El 7 de noviembre, día de la Revolución soviética, desfilaron por la Plaza Roja las tropas soviéticas y los aviones sobrevolaron el cielo de Moscú, echando por tierra los planes de Hitler. Qué alegría y cuántas esperanzas nos dio la noticia. Comenzó el contraataque del ejército ruso en  Moscú. La primera gran derrota de los alemanes. Después, la batalla de Stalingrado, y la victoria sobre los nazis en Kursk, Jarkov, Kiev.

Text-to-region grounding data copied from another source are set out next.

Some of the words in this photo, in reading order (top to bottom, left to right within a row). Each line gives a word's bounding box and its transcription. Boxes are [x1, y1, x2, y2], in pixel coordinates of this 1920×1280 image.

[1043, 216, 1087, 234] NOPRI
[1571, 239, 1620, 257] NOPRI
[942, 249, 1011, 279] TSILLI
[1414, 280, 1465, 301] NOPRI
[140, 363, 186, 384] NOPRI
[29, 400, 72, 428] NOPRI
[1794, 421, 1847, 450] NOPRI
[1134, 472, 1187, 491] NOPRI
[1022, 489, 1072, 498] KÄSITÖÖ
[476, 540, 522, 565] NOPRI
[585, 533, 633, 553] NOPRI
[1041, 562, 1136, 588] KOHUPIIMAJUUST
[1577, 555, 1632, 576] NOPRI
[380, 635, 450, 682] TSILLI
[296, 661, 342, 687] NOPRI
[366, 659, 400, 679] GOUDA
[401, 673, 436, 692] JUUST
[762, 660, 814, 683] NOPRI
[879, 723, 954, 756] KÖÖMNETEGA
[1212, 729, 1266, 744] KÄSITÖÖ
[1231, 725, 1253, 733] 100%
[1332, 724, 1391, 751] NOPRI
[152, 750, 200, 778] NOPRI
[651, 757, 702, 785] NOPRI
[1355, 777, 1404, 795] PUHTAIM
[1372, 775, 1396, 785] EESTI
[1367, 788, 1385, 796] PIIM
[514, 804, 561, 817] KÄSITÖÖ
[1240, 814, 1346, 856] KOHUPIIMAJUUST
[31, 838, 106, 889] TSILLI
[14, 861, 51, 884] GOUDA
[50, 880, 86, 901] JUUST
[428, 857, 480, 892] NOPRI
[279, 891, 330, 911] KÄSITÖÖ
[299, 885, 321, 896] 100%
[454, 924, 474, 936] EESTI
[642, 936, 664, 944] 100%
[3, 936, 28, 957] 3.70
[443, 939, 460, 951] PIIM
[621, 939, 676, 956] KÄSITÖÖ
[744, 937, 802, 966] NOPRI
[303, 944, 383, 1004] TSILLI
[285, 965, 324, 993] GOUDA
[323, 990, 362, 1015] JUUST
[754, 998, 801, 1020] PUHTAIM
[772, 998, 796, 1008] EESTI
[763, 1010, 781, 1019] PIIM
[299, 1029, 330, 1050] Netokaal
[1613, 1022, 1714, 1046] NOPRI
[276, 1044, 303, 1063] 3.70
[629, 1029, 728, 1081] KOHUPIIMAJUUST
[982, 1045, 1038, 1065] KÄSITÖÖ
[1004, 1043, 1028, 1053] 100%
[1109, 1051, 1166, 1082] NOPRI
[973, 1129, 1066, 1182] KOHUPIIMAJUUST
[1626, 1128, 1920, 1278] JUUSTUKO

Se liberó Leningrado, la ciudad a la que llegamos en el otoño de 1937 un grupo de niños españoles que huyendo de la guerra española, encontró en su destino otra terrible contienda.  


Los rusos, (no Stalin, ni el socialismo, ni los "pequeños tornillos", -como el tirano llamaba a los ciudadanos-), millones de hombres y mujeres protagonizaron la victoria.  Cada 9 de mayo mi corazón está en la Plaza Roja recordando a los 25 millones de hombres y mujeres, rusos, españoles, ucranianos, bielorrusos...que perdieron a los suyos. Mi alma está con las mujeres que quedaron viudas, con los hijos huérfanos, con  los hombres inválidos, con mis amigos Paco Cruz y Ángel Madera. Aquellas vidas cambiaron el rumbo de la historia de Europa. El día de la victoria es el recuerdo de que nosotros continuamos vivos. Siendo aún muy jóvenes, allí en los Urales, soñábamos con salvar al mundo del fascismo. Queríamos que todos los pueblos fueran hermanos, que imperara la justicia y la concordia, entregando nuestras vidas si fuera preciso.


 En Berlín, soldados americanos,  ingleses y rusos se fundieron en el gran abrazo de la paz. Ese día, un puñado de chavales españoles estábamos convencidos de que esta victoria significaría el final de todas las guerras. Ese sentimiento no debe extraviarse en nosotros. No hay que olvidar el horror y la inutilidad de los conflictos. Qué pocas lecciones hemos sacado sin embargo... Ese espíritu de hermandad reunió en La Plaza Roja a millones de personas procedentes de toda la Unión Soviética.  La gente lloraba, cantaba, se abrazan, entregaban flores a los soldados. Los chicos en la casa gritábamos: ¡Se acabó la guerra! ¡La guerra ha terminado!


No soy militar, ni político (¡Dios me libre!), soy un niño de la guerra. Soy testigo y víctima de la II Guerra Mundial. Junto a mis compañeros españoles y con el pueblo ruso trabajamos con todas nuestras fuerzas para luchar contra el fascismo. Así vivimos el Día de la Victoria de 1945.  Paco Cruz y Ángel Madera, mis maestros, y tantos amigos que no volvieron, permanecen conmigo en el recuerdo para siempre.

Ángel Gutiérrez es en la actualidad el director del Teatro de Cámara de Chéjov en Madrid.